He said no.  I had a perfectly, healthy vagina.

And after experiencing a brief moment of pride relief,  he... he... he asked me do something with him that I've never had the nerve, or desire, to do with my husband. . . 

...he asked me to...

JOIN HIM IN LOOKING AT MY VAGINA IN THE MIRROR.

(taking a breath...)

Okay, I admit, there have been a few times in my life when I sneaked a peek at the ol' lady garden...but it was usually after a bath and always in private.  When I was young I looked because I was curious what all the commotion was about.  Later, when I knew and no longer cared, I only looked for practical reasons.  Of course, there was that horrifying beautiful and magical time when the doctor put up the mirror just before my son was born (what is it with OB's and these damn mirrors?).   I vowed then and there (after I stopped screaming) never to look at my womanhood close up - EVER AGAIN.  (I mean, the guys can look, they like that sort of thing.  Me, I'd just as soon take a pass.)

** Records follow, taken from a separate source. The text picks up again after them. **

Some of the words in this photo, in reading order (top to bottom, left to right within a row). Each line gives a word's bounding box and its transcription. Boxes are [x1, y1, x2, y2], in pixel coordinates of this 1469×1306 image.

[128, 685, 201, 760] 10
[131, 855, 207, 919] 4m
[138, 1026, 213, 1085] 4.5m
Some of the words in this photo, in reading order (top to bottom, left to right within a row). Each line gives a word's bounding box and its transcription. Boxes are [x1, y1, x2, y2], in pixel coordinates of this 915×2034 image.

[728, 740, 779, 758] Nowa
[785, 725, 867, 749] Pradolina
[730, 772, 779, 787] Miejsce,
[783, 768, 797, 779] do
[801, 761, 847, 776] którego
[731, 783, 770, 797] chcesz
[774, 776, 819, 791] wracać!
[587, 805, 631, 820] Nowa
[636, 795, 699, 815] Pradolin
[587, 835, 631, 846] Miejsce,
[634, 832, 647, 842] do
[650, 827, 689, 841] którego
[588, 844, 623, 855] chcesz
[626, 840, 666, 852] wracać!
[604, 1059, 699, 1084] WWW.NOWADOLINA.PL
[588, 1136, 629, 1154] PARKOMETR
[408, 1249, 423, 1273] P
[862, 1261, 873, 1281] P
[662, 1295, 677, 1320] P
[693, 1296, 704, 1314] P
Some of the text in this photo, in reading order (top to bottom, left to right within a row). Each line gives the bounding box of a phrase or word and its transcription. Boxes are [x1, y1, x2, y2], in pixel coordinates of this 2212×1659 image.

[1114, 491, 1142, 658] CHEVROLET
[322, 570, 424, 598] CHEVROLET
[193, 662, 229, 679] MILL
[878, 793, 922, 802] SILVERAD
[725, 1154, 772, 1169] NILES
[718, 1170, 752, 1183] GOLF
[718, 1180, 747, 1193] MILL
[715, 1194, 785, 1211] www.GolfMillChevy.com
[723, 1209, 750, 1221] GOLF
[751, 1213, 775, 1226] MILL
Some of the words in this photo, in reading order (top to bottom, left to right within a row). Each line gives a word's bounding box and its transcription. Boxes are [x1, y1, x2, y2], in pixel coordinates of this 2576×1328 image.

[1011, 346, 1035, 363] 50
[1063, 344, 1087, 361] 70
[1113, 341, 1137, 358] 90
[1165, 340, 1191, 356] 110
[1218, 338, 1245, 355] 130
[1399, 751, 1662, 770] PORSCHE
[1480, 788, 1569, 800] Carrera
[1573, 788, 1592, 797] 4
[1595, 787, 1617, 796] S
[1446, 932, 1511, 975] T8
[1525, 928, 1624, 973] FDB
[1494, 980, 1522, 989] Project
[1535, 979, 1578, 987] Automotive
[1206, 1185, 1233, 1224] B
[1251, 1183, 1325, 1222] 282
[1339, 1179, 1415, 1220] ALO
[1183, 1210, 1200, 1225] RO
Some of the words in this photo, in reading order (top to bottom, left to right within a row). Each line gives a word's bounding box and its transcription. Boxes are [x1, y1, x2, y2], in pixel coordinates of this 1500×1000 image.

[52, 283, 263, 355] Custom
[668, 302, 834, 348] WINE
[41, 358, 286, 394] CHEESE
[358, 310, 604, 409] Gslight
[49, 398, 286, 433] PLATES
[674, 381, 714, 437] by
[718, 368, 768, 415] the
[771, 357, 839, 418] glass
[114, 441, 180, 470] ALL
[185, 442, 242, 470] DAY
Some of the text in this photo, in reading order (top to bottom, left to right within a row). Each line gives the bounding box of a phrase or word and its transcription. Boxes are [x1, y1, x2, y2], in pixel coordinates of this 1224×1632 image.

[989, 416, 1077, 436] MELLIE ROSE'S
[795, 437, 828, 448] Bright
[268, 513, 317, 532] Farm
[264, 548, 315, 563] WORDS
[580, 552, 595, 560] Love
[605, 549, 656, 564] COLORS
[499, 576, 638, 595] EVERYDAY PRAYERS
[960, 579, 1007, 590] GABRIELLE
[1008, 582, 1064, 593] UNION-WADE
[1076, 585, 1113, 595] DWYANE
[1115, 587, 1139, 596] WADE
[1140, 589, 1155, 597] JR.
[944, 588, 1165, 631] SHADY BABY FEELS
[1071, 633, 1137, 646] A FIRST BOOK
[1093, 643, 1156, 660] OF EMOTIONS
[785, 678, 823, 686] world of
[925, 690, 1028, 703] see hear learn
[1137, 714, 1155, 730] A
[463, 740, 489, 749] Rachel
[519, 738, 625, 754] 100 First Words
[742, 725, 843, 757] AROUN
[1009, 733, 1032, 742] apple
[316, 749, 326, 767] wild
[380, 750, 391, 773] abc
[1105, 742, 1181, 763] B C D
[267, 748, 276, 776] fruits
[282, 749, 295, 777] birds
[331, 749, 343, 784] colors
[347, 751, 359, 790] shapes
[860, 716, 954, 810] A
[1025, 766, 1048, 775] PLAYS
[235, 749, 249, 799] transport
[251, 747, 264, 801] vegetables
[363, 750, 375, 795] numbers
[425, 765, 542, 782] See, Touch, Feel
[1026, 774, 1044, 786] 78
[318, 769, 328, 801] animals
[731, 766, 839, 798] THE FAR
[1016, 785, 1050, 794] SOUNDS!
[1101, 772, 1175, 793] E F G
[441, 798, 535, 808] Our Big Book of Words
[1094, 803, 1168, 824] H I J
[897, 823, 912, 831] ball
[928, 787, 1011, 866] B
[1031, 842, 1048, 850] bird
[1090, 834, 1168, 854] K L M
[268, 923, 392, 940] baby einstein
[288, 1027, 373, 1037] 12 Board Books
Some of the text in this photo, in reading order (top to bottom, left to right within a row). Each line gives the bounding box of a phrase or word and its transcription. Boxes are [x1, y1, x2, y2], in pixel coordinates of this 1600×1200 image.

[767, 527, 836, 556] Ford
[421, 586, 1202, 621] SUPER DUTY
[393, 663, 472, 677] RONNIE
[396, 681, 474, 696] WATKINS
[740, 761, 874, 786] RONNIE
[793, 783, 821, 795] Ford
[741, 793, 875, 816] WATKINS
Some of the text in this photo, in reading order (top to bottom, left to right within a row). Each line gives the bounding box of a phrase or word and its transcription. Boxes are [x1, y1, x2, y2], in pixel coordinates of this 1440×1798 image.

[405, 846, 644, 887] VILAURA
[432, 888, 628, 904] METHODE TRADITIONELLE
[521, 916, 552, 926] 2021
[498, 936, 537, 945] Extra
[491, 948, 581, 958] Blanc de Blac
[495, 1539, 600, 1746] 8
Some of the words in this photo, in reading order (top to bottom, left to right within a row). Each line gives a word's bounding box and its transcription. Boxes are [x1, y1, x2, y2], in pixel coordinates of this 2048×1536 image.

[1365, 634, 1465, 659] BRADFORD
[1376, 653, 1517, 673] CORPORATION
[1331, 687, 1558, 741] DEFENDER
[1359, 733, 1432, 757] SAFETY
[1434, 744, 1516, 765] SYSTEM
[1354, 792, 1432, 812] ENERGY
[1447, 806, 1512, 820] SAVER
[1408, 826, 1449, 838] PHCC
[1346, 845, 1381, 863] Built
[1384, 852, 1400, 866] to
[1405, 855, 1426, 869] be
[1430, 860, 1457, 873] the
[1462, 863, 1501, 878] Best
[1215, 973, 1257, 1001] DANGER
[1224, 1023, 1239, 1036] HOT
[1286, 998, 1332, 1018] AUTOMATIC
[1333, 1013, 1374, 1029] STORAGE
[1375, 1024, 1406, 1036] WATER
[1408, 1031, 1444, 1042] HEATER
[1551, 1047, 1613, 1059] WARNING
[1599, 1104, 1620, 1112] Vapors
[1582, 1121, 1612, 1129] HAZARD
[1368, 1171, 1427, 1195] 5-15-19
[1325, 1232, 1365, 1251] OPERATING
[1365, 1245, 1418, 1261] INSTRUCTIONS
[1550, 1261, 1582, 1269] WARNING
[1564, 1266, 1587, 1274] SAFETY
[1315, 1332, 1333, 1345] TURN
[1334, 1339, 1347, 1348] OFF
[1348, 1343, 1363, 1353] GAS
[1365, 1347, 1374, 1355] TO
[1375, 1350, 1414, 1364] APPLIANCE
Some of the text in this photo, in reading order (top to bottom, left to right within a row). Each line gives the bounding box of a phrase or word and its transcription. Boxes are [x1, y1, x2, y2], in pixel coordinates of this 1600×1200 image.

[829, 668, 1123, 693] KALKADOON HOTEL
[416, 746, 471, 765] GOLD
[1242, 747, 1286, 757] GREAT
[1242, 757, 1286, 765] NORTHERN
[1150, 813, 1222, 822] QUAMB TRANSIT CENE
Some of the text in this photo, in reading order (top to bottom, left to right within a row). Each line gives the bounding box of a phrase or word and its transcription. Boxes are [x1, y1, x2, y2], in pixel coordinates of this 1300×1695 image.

But here I was...different mirror...same man... same vagina.  And if it wasn't embarrassing enough watching him poke around my nether region, I was soon to become full-blown humiliated as I listened to him talk and watched his finger in the mirror... in horror... as it slowly, casually passed over, time and time again...

... an inch-long piece of toilet paper glued to my inner sanctum.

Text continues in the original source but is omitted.